§ ABOUT THIS EXERCISE
Reprint all of the data below exactly as shown and skip every image.

──────

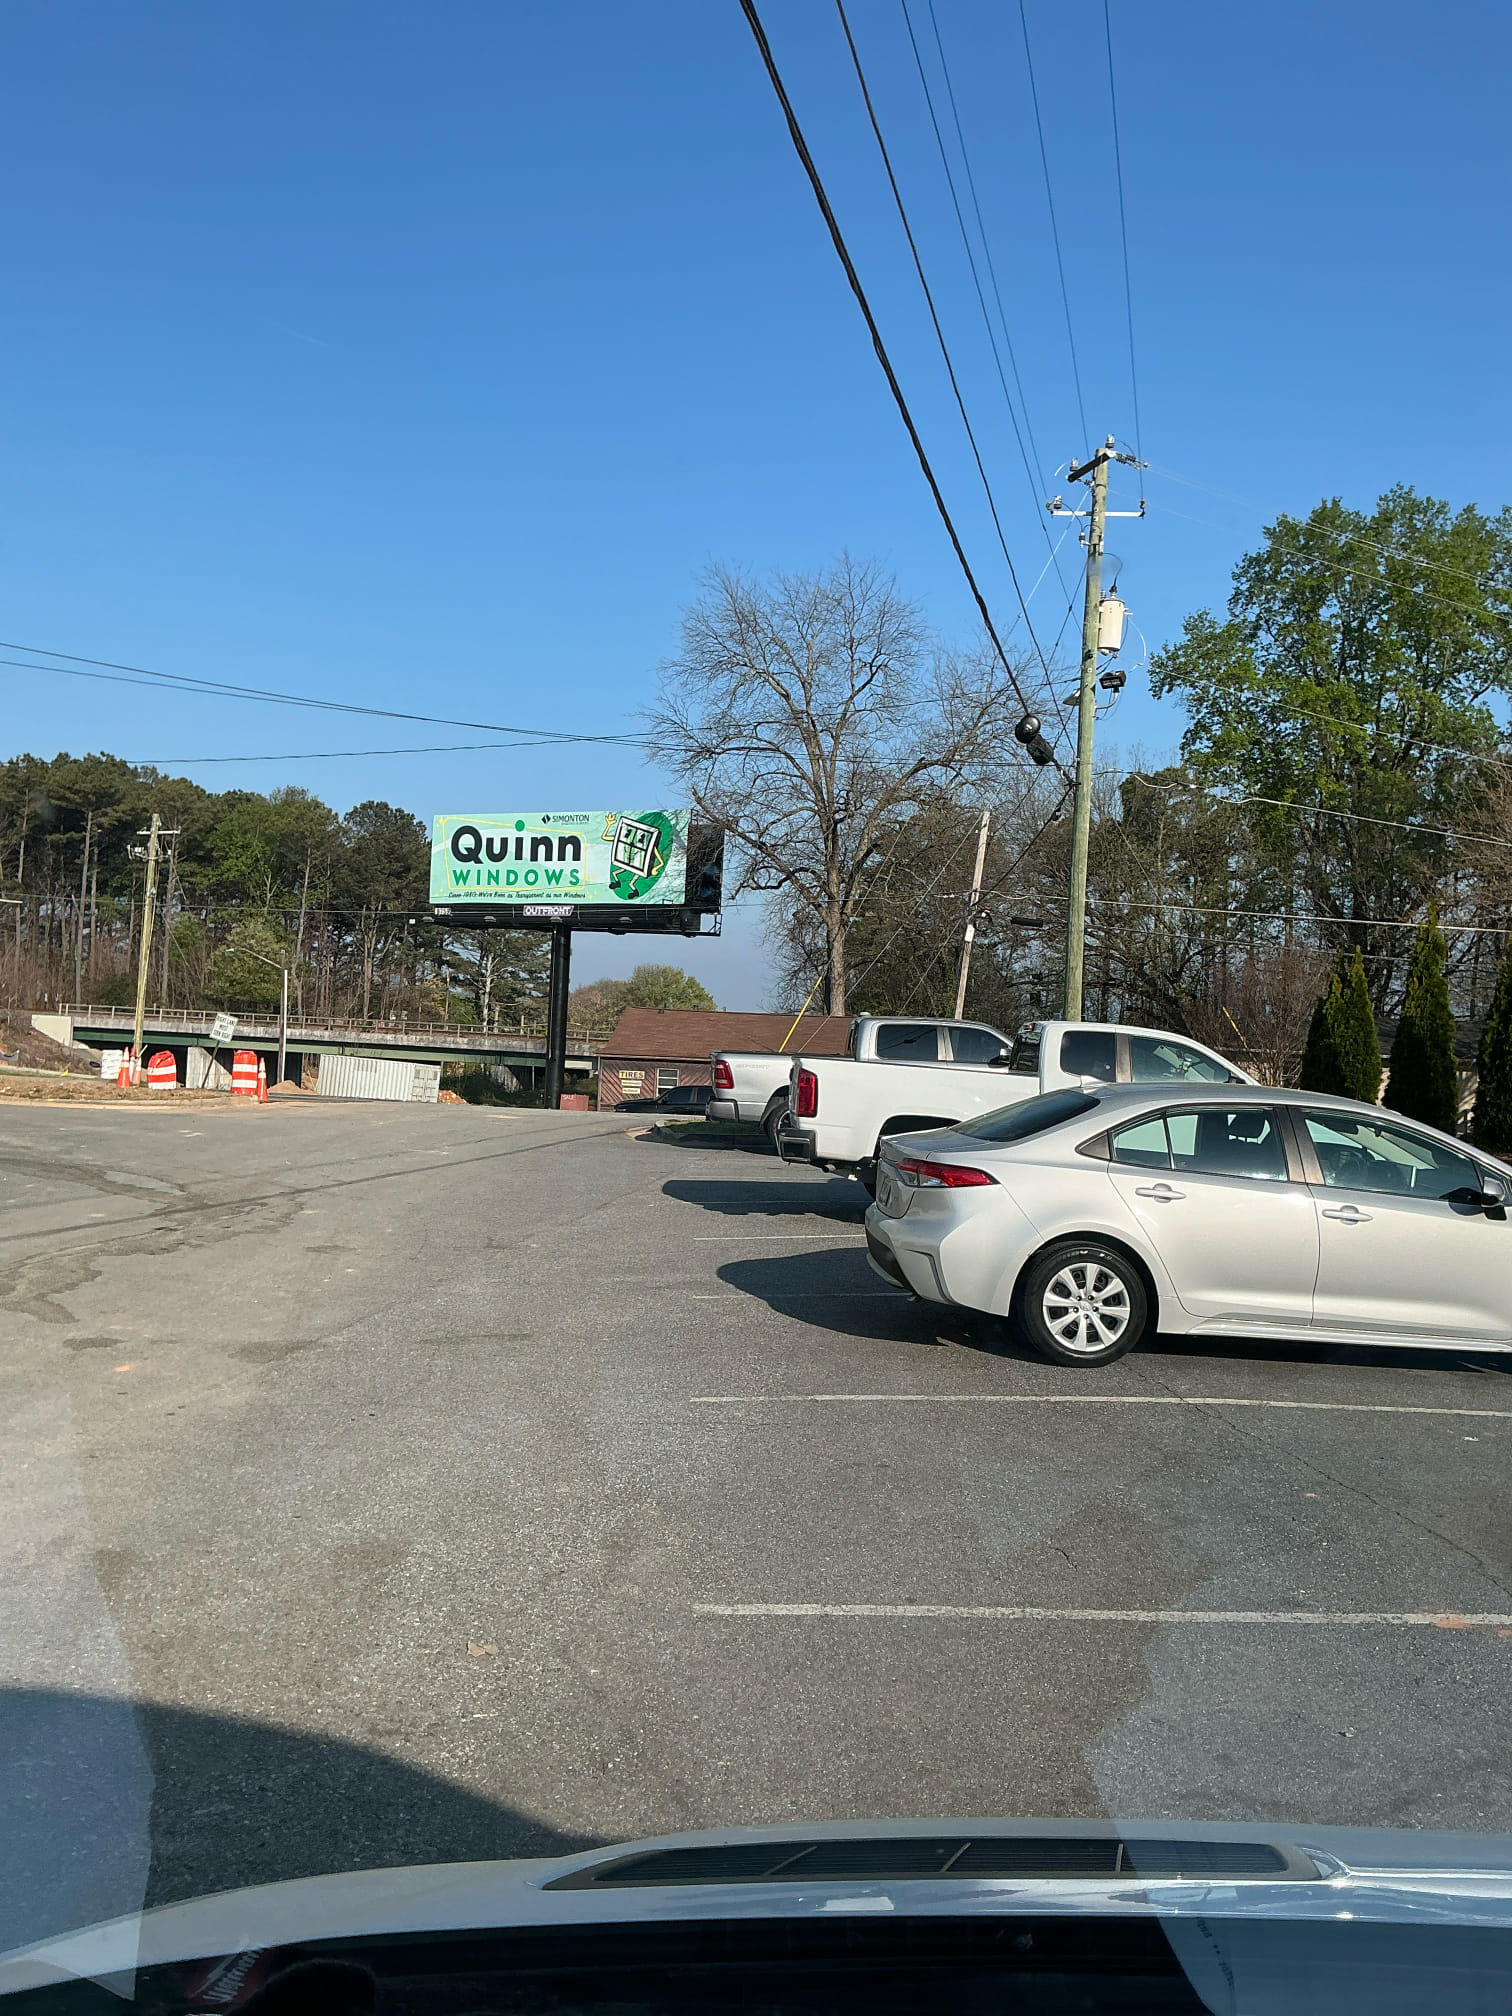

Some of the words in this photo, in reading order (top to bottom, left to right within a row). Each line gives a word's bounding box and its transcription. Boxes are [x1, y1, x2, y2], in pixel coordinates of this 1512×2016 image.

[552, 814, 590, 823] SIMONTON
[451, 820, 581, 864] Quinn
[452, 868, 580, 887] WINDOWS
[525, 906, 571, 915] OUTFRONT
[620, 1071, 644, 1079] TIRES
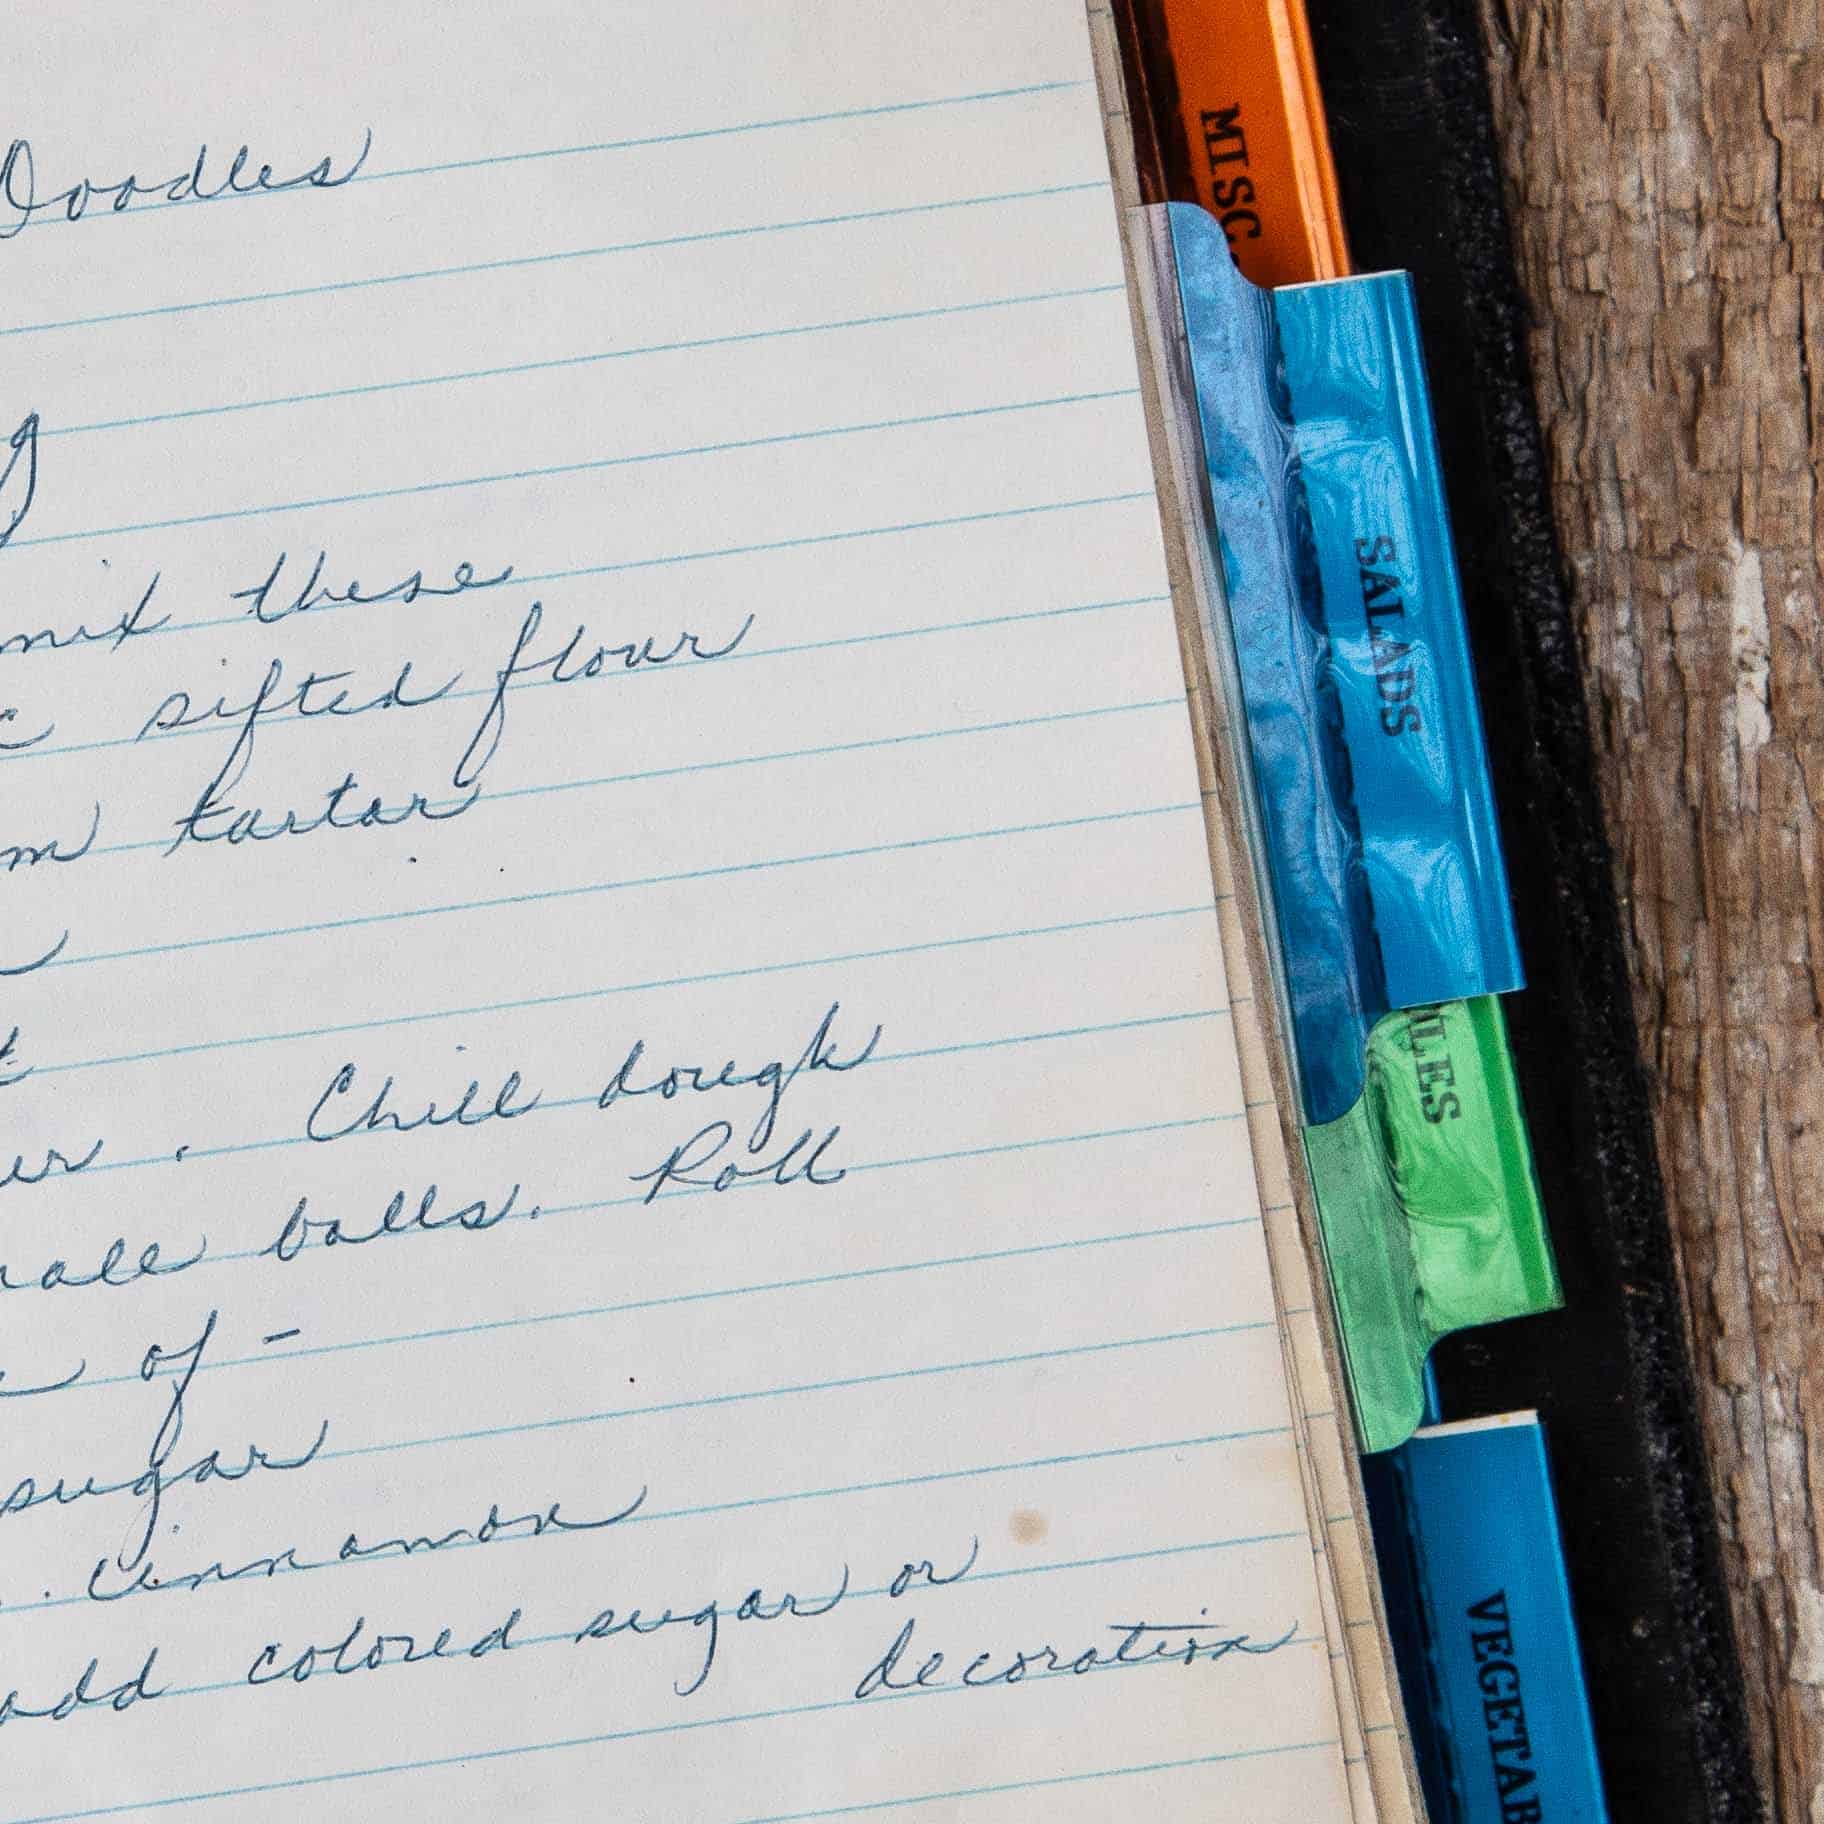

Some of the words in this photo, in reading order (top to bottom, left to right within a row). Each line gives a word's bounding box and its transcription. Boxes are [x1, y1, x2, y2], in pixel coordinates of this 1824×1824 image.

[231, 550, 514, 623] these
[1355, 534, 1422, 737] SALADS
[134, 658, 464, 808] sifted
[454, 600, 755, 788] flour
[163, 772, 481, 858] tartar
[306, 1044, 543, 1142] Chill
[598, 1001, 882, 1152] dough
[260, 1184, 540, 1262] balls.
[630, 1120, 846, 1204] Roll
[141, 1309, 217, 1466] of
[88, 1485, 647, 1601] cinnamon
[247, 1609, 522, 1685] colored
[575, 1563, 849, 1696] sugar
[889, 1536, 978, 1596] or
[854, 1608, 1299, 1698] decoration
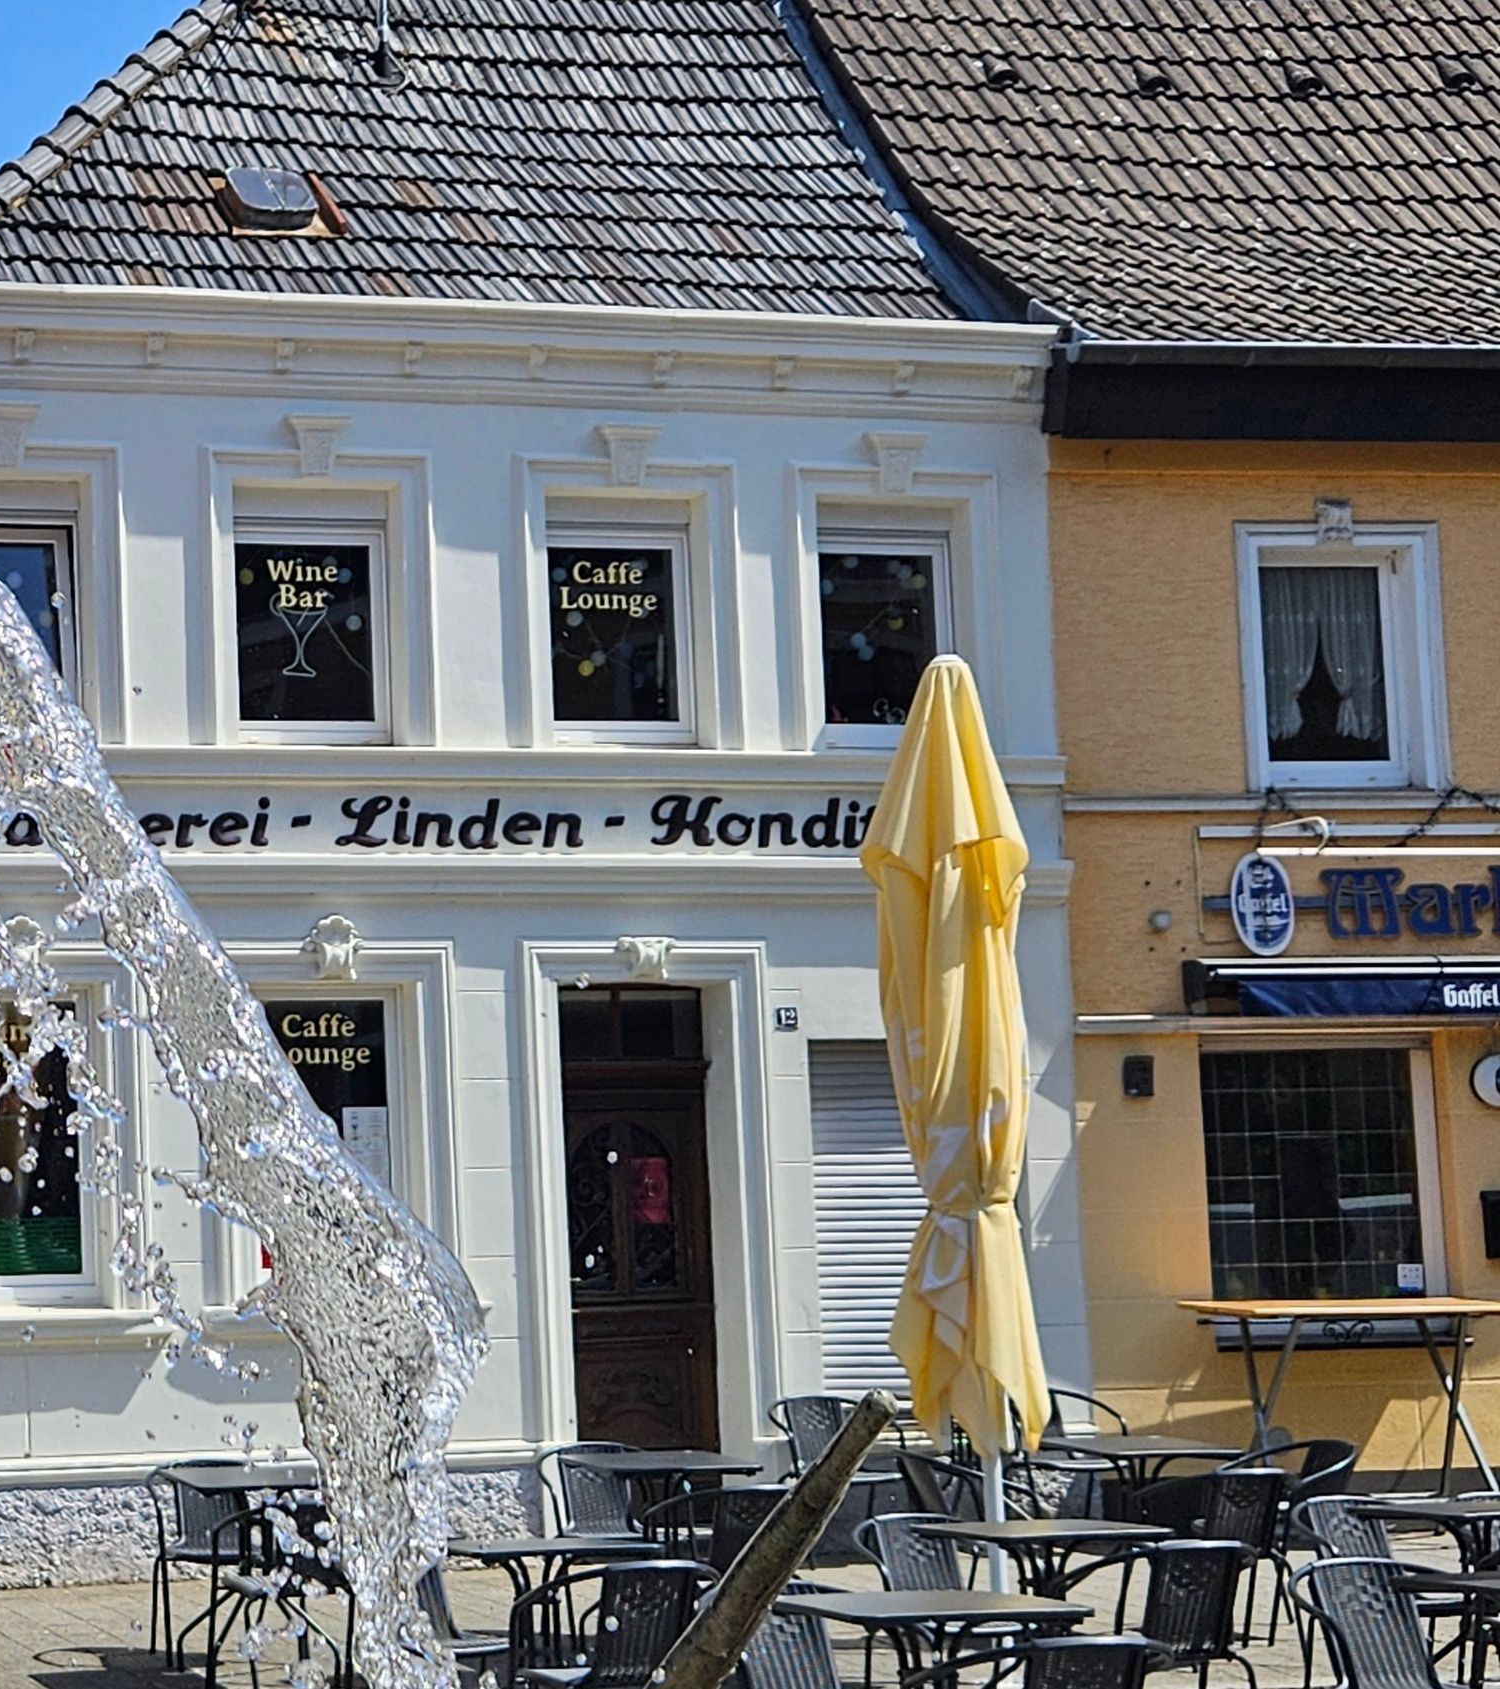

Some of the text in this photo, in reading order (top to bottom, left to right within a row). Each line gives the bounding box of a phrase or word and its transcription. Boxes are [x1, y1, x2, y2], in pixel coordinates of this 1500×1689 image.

──────

§ ANSWER SPACE
Some of the words in this photo, in reading order (top to bottom, left to right within a row). Each line gives a word's bounding box and its transcription. Boxes are [x1, y1, x2, y2], in pixel coordinates of this 1512×2016 image.

[552, 814, 590, 823] SIMONTON
[451, 820, 581, 864] Quinn
[452, 868, 580, 887] WINDOWS
[525, 906, 571, 915] OUTFRONT
[620, 1071, 644, 1079] TIRES

Some of the words in this photo, in reading order (top to bottom, left to right within a row). Each line gives a word's bounding box and its transcription. Boxes are [x1, y1, x2, y2], in pixel coordinates of this 1824×1824 image.

[231, 550, 514, 623] these
[1355, 534, 1422, 737] SALADS
[134, 658, 464, 808] sifted
[454, 600, 755, 788] flour
[163, 772, 481, 858] tartar
[306, 1044, 543, 1142] Chill
[598, 1001, 882, 1152] dough
[260, 1184, 540, 1262] balls.
[630, 1120, 846, 1204] Roll
[141, 1309, 217, 1466] of
[88, 1485, 647, 1601] cinnamon
[247, 1609, 522, 1685] colored
[575, 1563, 849, 1696] sugar
[889, 1536, 978, 1596] or
[854, 1608, 1299, 1698] decoration

Some of the text in this photo, in reading order (top to bottom, left to right within a row). Each line gives the bounding box of a phrase or word and its transcription. Boxes are [x1, y1, x2, y2], in pixel coordinates of this 1500×1689 image.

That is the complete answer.